## PROBLEM STATEMENT
Every line from the one bearing "Some of the words" through the last line of the entries should be printed exactly, with no other output.

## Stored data
=======

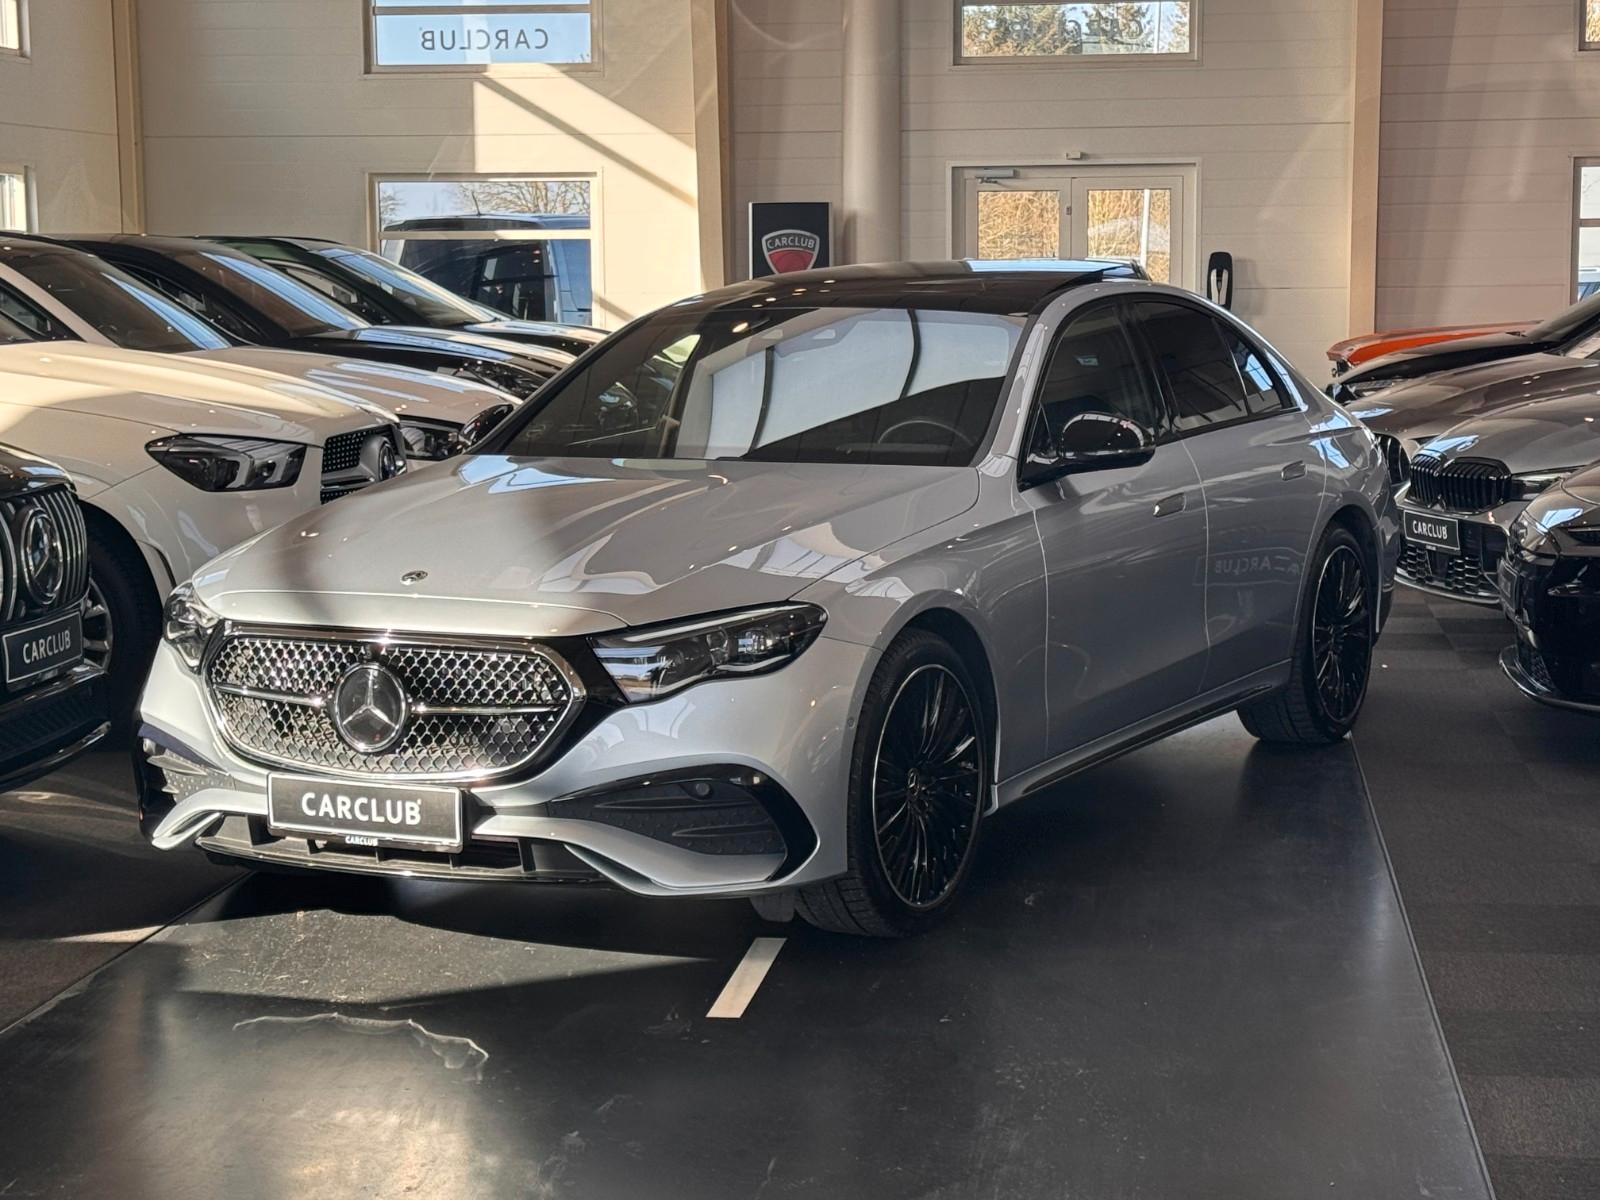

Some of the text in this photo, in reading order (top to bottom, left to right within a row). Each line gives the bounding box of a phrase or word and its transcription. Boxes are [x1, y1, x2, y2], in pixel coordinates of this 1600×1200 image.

[766, 236, 816, 249] CARCLUB
[1413, 520, 1448, 540] CARCLUB
[22, 630, 71, 664] CARCLUB
[301, 792, 421, 825] CARCLUB
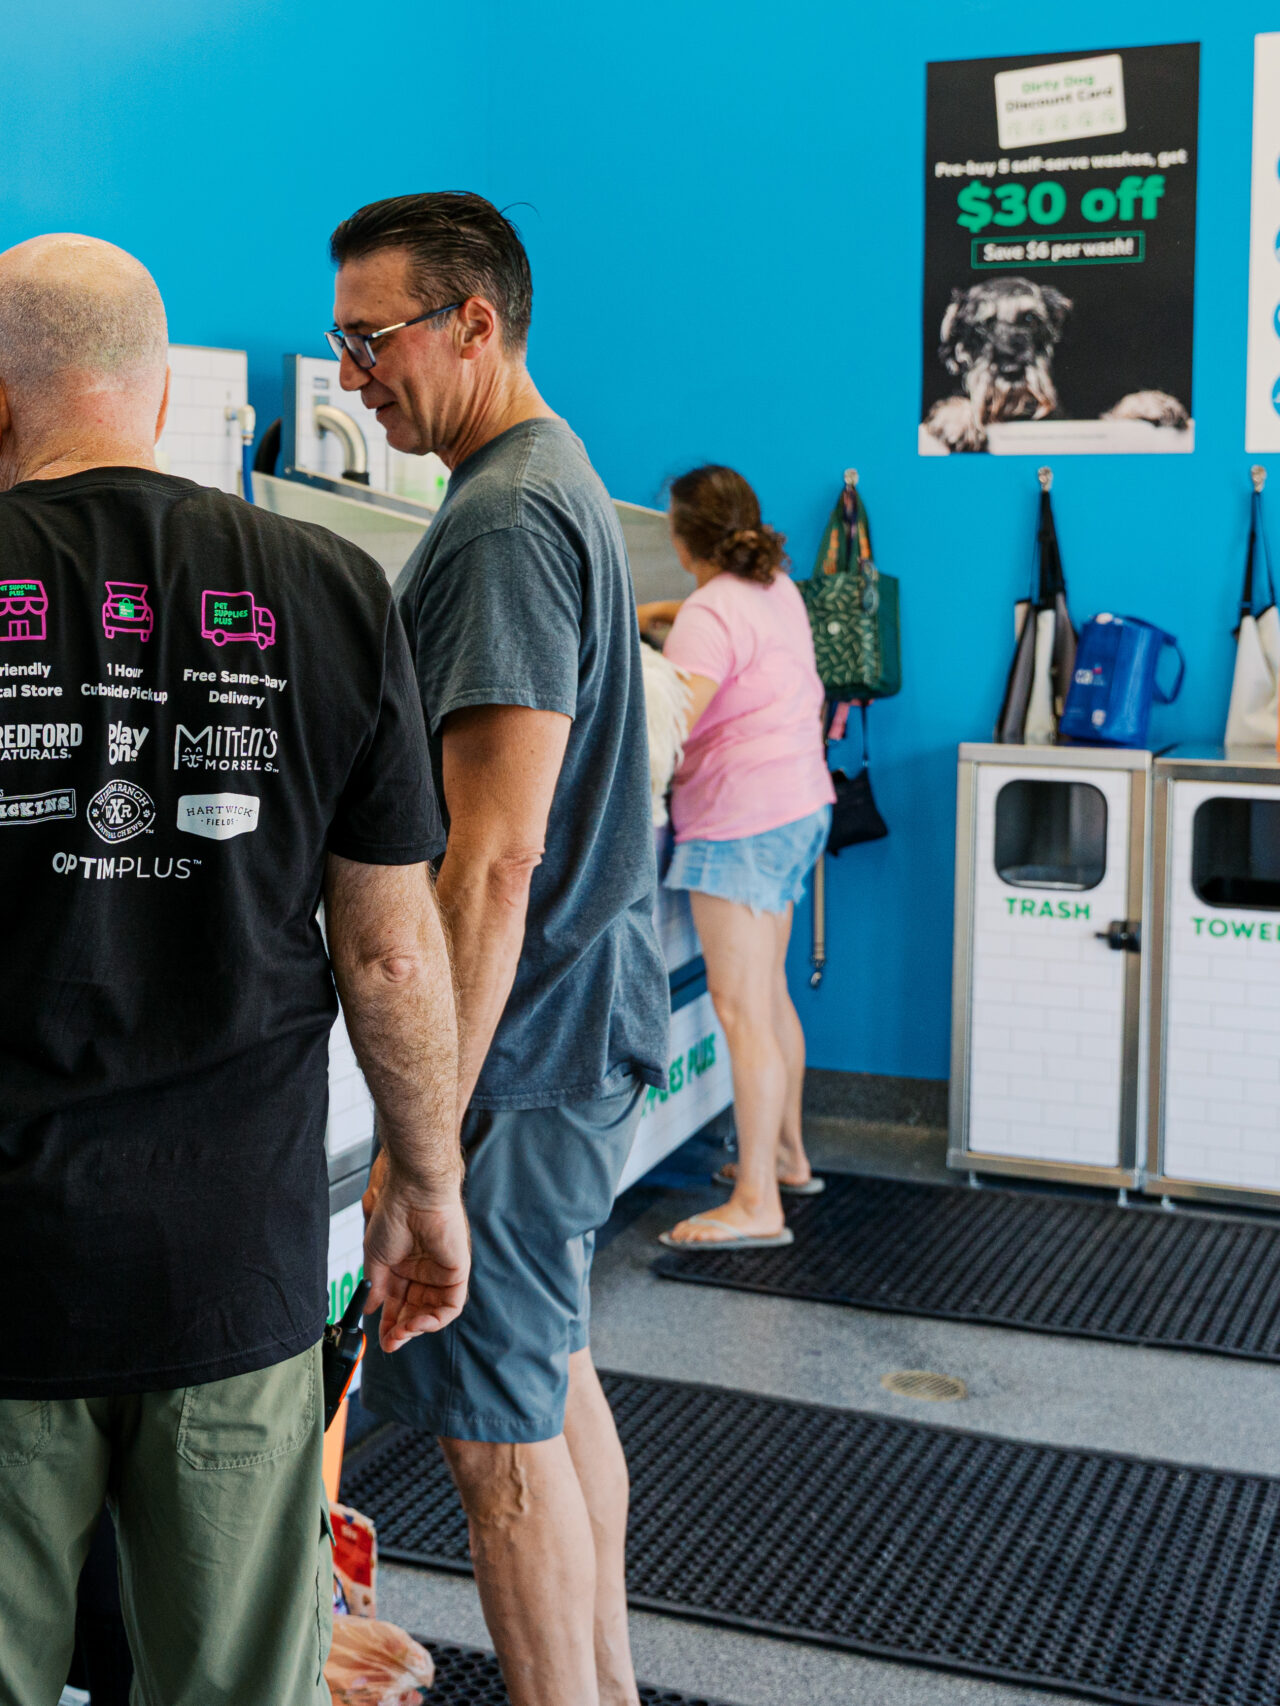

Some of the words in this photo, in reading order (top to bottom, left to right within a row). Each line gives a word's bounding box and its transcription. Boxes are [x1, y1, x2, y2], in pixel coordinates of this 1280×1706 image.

[935, 160, 997, 178] Pre-buy
[1011, 155, 1090, 174] self-serve
[1157, 148, 1188, 168] get
[956, 180, 1067, 233] $30
[1081, 174, 1166, 223] off
[983, 243, 1025, 262] Save
[1051, 242, 1081, 263] per
[1082, 236, 1134, 257] wash!
[213, 617, 233, 625] PLUS
[214, 609, 248, 618] SUPPLIES
[107, 663, 112, 675] 1
[115, 664, 143, 678] Hour
[183, 669, 217, 682] Free
[220, 670, 287, 692] Same-Day
[20, 684, 63, 697] Store
[130, 686, 168, 704] Pickup
[209, 690, 265, 709] Delivery
[205, 759, 273, 772] MORSELS
[117, 778, 150, 807] RANCH
[186, 805, 253, 818] HARTWICK
[206, 818, 234, 826] FIELDS
[1005, 897, 1091, 921] TRASH

=======

## SOLUTION TO THE PROBLEM
Some of the words in this photo, in reading order (top to bottom, left to right within a row). Each line gives a word's bounding box and its transcription. Boxes are [x1, y1, x2, y2], in pixel coordinates of this 1280×1706 image.

[935, 160, 997, 178] Pre-buy
[1011, 155, 1090, 174] self-serve
[1157, 148, 1188, 168] get
[956, 180, 1067, 233] $30
[1081, 174, 1166, 223] off
[983, 243, 1025, 262] Save
[1051, 242, 1081, 263] per
[1082, 236, 1134, 257] wash!
[213, 617, 233, 625] PLUS
[214, 609, 248, 618] SUPPLIES
[107, 663, 112, 675] 1
[115, 664, 143, 678] Hour
[183, 669, 217, 682] Free
[220, 670, 287, 692] Same-Day
[20, 684, 63, 697] Store
[130, 686, 168, 704] Pickup
[209, 690, 265, 709] Delivery
[205, 759, 273, 772] MORSELS
[117, 778, 150, 807] RANCH
[186, 805, 253, 818] HARTWICK
[206, 818, 234, 826] FIELDS
[1005, 897, 1091, 921] TRASH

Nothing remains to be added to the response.